### THE TASK
Transcribe the data. Leave out nothing.
GIVEN INFORMATION START
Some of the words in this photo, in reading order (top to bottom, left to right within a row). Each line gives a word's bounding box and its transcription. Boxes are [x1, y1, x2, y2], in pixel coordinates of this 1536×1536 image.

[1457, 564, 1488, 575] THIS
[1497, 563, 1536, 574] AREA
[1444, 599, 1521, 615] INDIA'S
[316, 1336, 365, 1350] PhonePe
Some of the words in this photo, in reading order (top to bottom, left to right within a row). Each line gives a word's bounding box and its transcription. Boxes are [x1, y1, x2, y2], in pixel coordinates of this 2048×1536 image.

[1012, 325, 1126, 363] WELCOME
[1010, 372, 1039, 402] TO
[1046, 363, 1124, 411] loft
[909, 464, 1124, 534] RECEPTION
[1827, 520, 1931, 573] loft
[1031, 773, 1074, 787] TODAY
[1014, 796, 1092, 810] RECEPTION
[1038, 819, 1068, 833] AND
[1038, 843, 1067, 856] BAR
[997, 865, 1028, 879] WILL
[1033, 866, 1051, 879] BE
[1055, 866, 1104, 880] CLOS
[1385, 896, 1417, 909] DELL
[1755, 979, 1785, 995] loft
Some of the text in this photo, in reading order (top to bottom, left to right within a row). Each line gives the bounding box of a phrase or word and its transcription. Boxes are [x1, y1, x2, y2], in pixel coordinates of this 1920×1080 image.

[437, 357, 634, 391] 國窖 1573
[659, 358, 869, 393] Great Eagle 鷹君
GIVEN INFORMATION END
### RESULT
Some of the words in this photo, in reading order (top to bottom, left to right within a row). Each line gives a word's bounding box and its transcription. Boxes are [x1, y1, x2, y2], in pixel coordinates of this 1536×1536 image.

[1457, 564, 1488, 575] THIS
[1497, 563, 1536, 574] AREA
[1444, 599, 1521, 615] INDIA'S
[316, 1336, 365, 1350] PhonePe
Some of the words in this photo, in reading order (top to bottom, left to right within a row). Each line gives a word's bounding box and its transcription. Boxes are [x1, y1, x2, y2], in pixel coordinates of this 2048×1536 image.

[1012, 325, 1126, 363] WELCOME
[1010, 372, 1039, 402] TO
[1046, 363, 1124, 411] loft
[909, 464, 1124, 534] RECEPTION
[1827, 520, 1931, 573] loft
[1031, 773, 1074, 787] TODAY
[1014, 796, 1092, 810] RECEPTION
[1038, 819, 1068, 833] AND
[1038, 843, 1067, 856] BAR
[997, 865, 1028, 879] WILL
[1033, 866, 1051, 879] BE
[1055, 866, 1104, 880] CLOS
[1385, 896, 1417, 909] DELL
[1755, 979, 1785, 995] loft
Some of the text in this photo, in reading order (top to bottom, left to right within a row). Each line gives the bounding box of a phrase or word and its transcription. Boxes are [x1, y1, x2, y2], in pixel coordinates of this 1920×1080 image.

[437, 357, 634, 391] 國窖 1573
[659, 358, 869, 393] Great Eagle 鷹君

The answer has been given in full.